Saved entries
- - - -
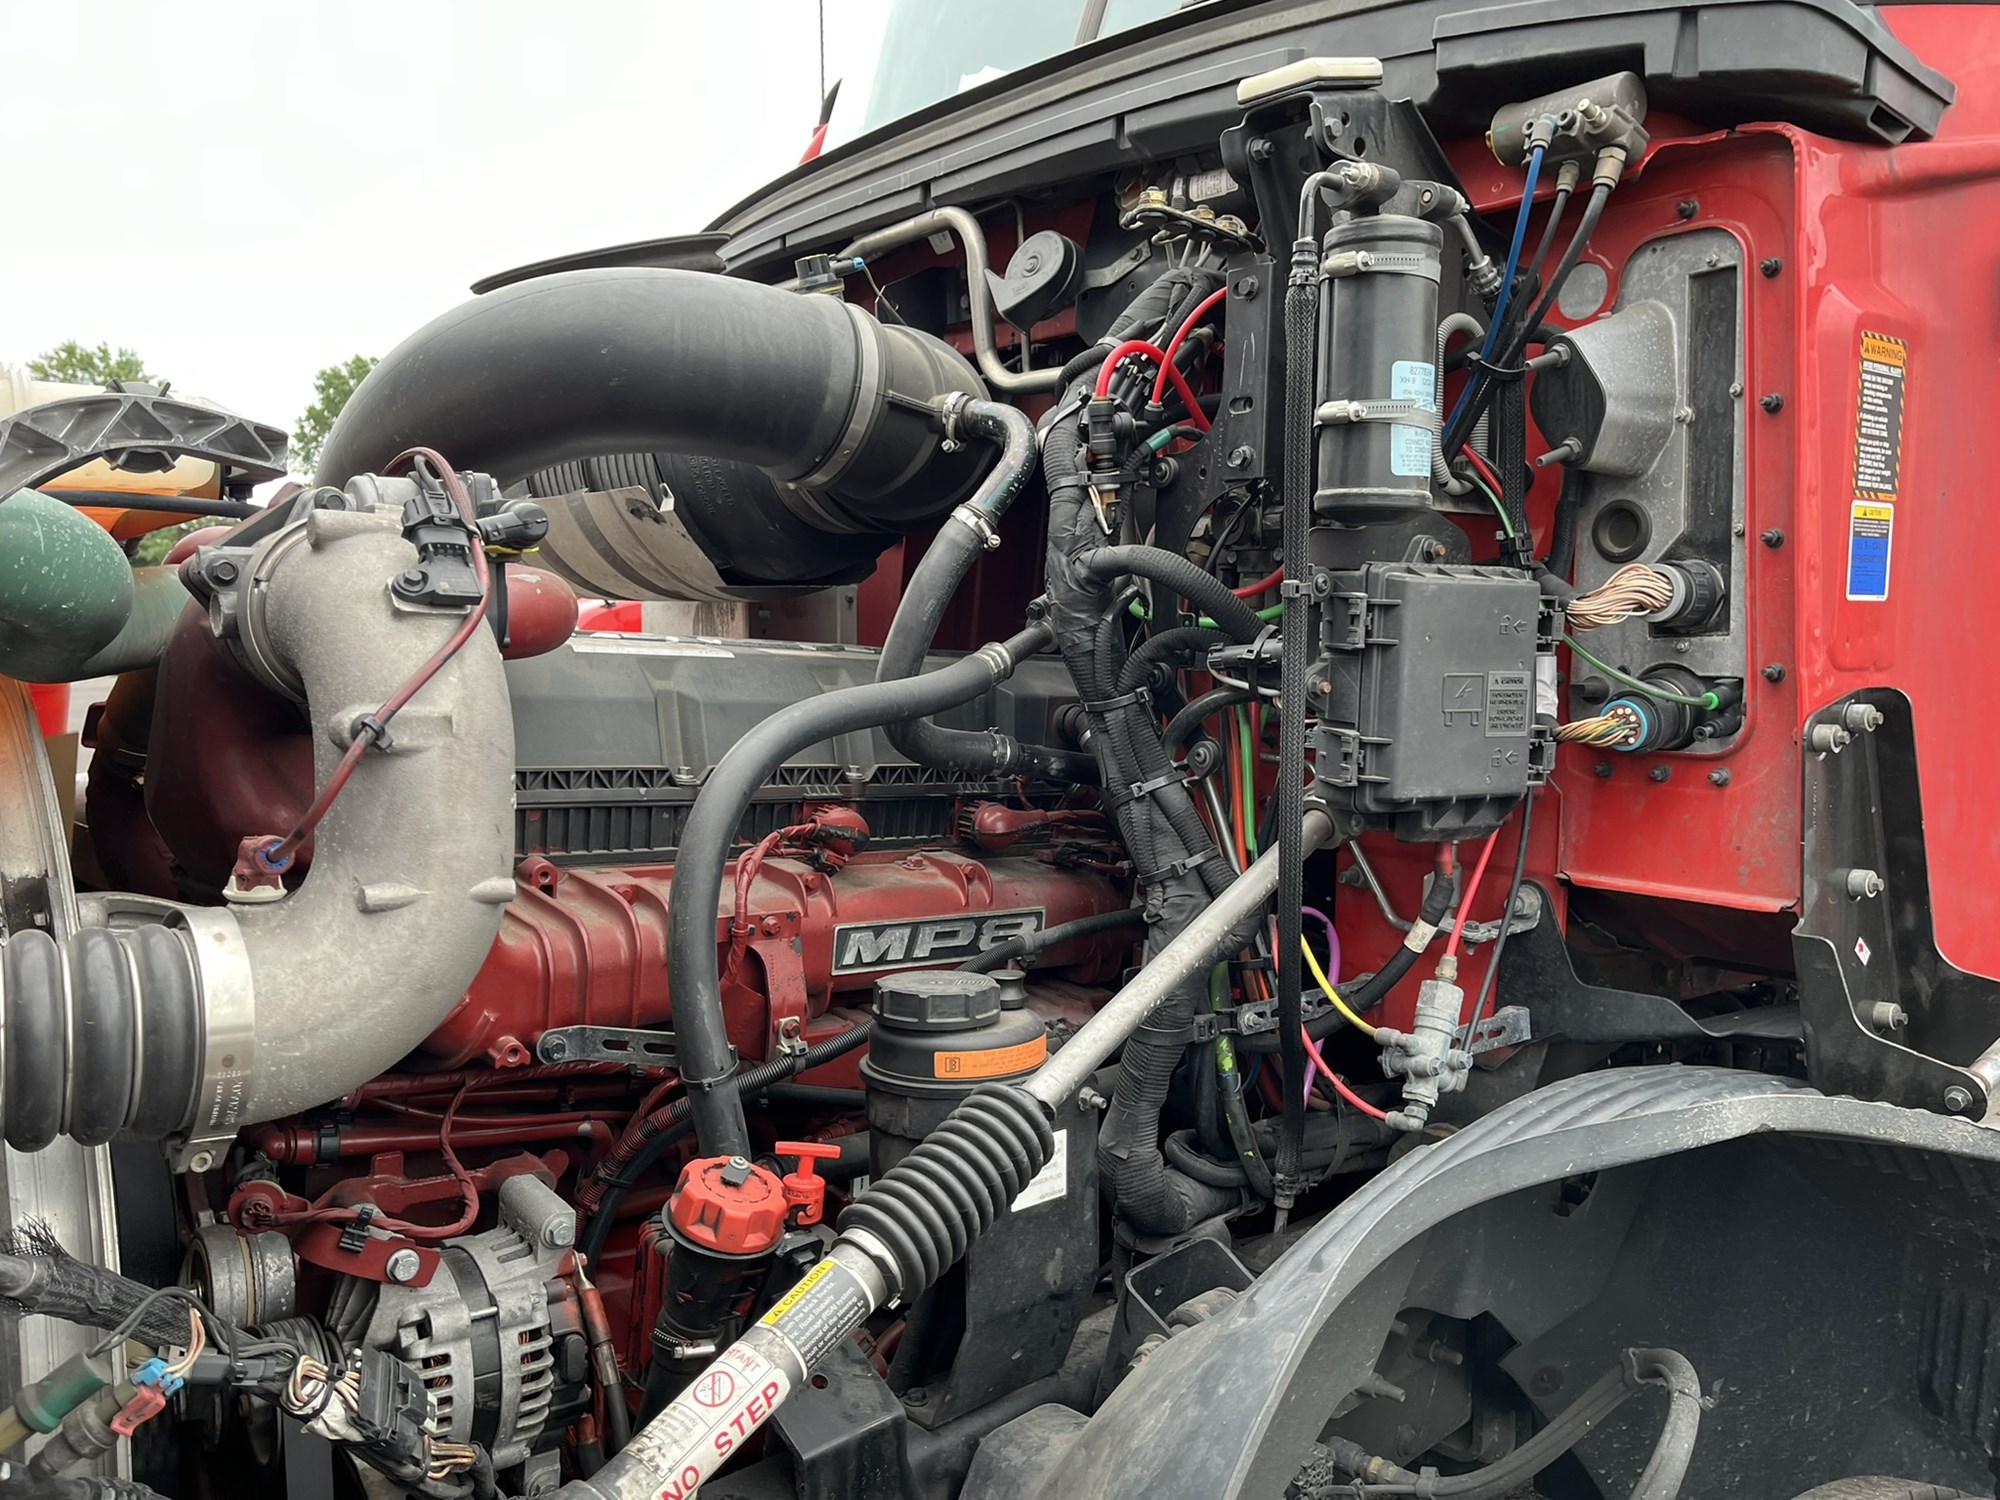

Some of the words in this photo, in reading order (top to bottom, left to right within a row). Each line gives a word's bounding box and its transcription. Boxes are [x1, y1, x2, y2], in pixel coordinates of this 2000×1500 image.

[1871, 344, 1902, 361] WARNING
[841, 915, 1038, 966] MP8
[783, 1268, 826, 1307] CAUTION
[788, 1298, 807, 1317] vehicle
[811, 1271, 834, 1295] equipped
[783, 1321, 795, 1333] with
[794, 1312, 804, 1322] the
[803, 1298, 818, 1313] Mack
[789, 1328, 801, 1339] Inc.
[799, 1314, 815, 1329] Road
[813, 1294, 835, 1316] Stability
[795, 1318, 824, 1347] Advantage
[821, 1304, 838, 1320] (RSA)
[836, 1286, 856, 1306] system.
[800, 1330, 823, 1354] Removal
[828, 1316, 838, 1325] the
[837, 1296, 858, 1317] steering
[804, 1347, 818, 1361] shaft
[823, 1327, 837, 1341] other
[837, 1306, 859, 1328] changes
[816, 1337, 837, 1359] steering
[835, 1307, 866, 1338] components
[661, 1465, 699, 1500] NO
[714, 1382, 779, 1458] STEP
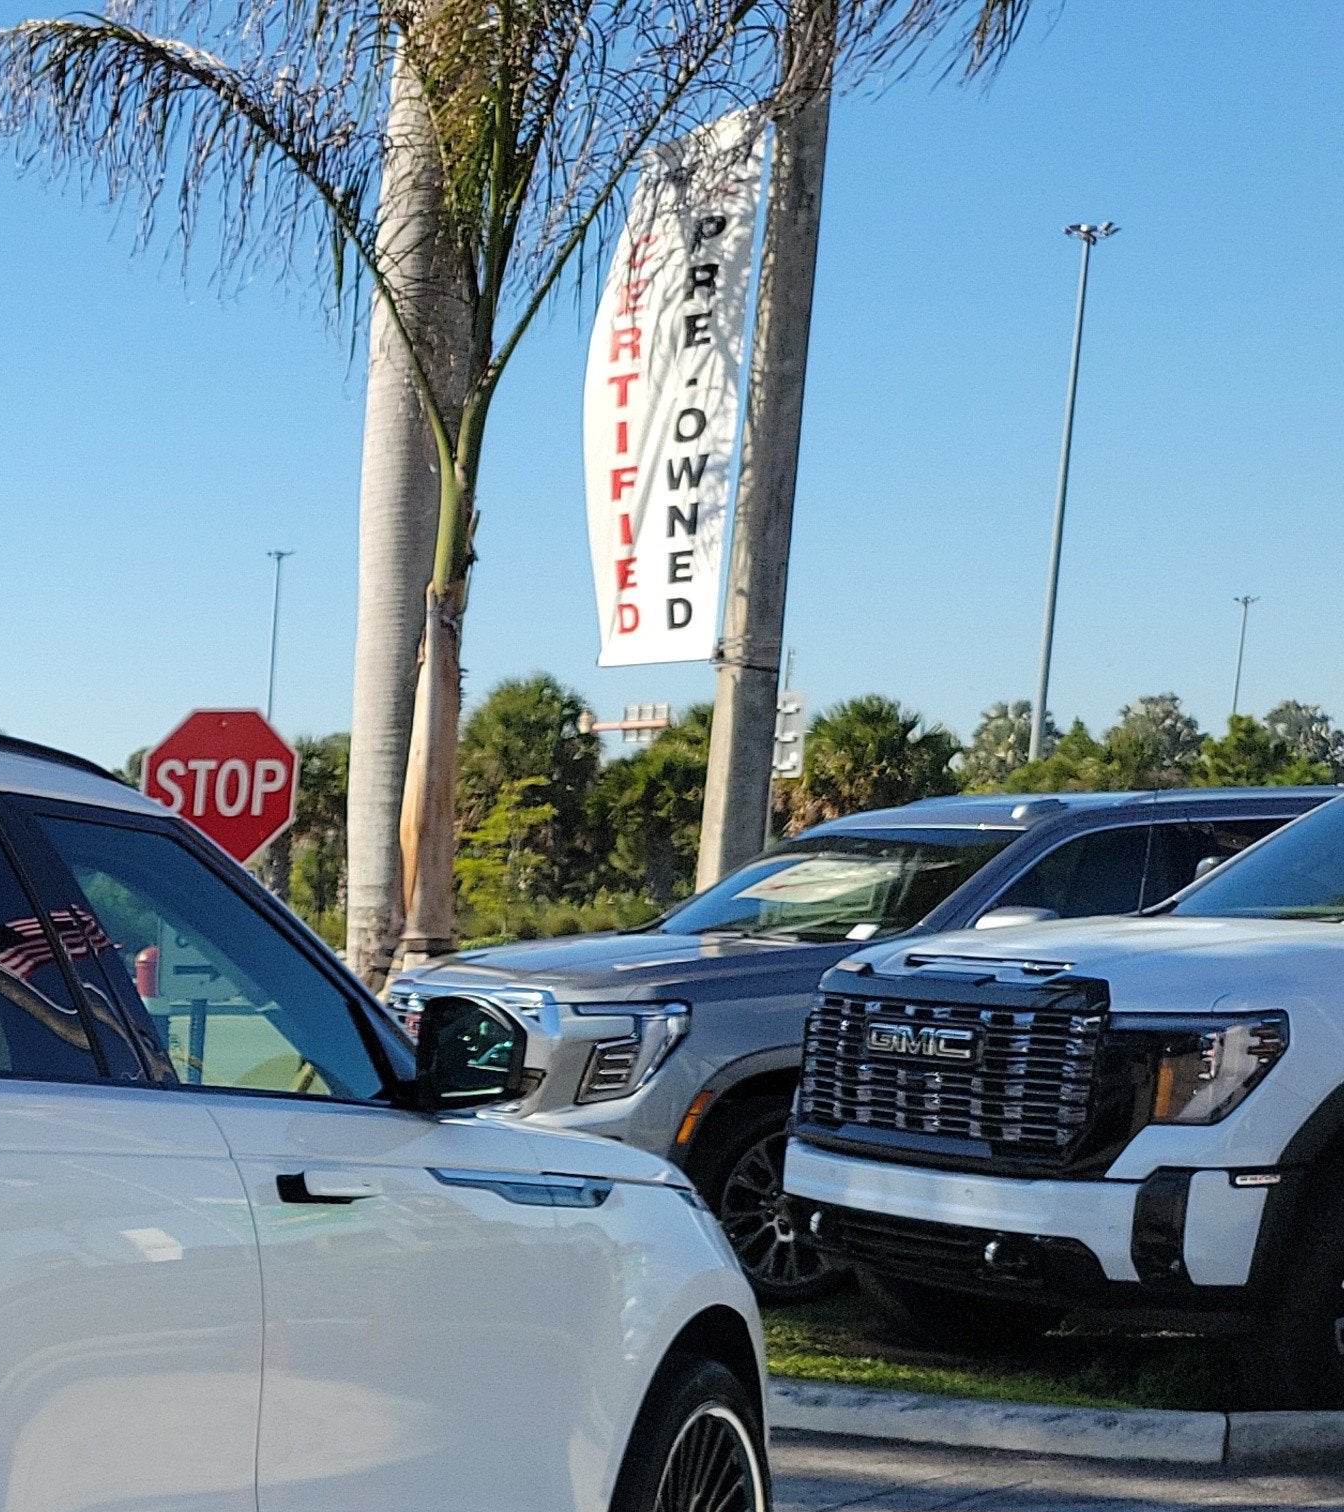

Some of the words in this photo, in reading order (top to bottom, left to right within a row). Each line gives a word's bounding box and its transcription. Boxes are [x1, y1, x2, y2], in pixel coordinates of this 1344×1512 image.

[607, 234, 658, 634] CERTIFIED
[155, 758, 289, 818] STOP
[867, 1022, 973, 1059] GMC
- - - -
▸ **TASK TO CARRY OUT**
Word for word, print all of the data; skip the pictures.

▸ **RESPONSE TO THE TASK**
Some of the words in this photo, in reading order (top to bottom, left to right within a row). Each line gives a word's bounding box and its transcription. Boxes are [x1, y1, x2, y2], in pixel coordinates of this 2000×1500 image.

[1871, 344, 1902, 361] WARNING
[841, 915, 1038, 966] MP8
[783, 1268, 826, 1307] CAUTION
[788, 1298, 807, 1317] vehicle
[811, 1271, 834, 1295] equipped
[783, 1321, 795, 1333] with
[794, 1312, 804, 1322] the
[803, 1298, 818, 1313] Mack
[789, 1328, 801, 1339] Inc.
[799, 1314, 815, 1329] Road
[813, 1294, 835, 1316] Stability
[795, 1318, 824, 1347] Advantage
[821, 1304, 838, 1320] (RSA)
[836, 1286, 856, 1306] system.
[800, 1330, 823, 1354] Removal
[828, 1316, 838, 1325] the
[837, 1296, 858, 1317] steering
[804, 1347, 818, 1361] shaft
[823, 1327, 837, 1341] other
[837, 1306, 859, 1328] changes
[816, 1337, 837, 1359] steering
[835, 1307, 866, 1338] components
[661, 1465, 699, 1500] NO
[714, 1382, 779, 1458] STEP

Some of the words in this photo, in reading order (top to bottom, left to right within a row). Each line gives a word's bounding box and its transcription. Boxes are [x1, y1, x2, y2], in pixel coordinates of this 1344×1512 image.

[607, 234, 658, 634] CERTIFIED
[155, 758, 289, 818] STOP
[867, 1022, 973, 1059] GMC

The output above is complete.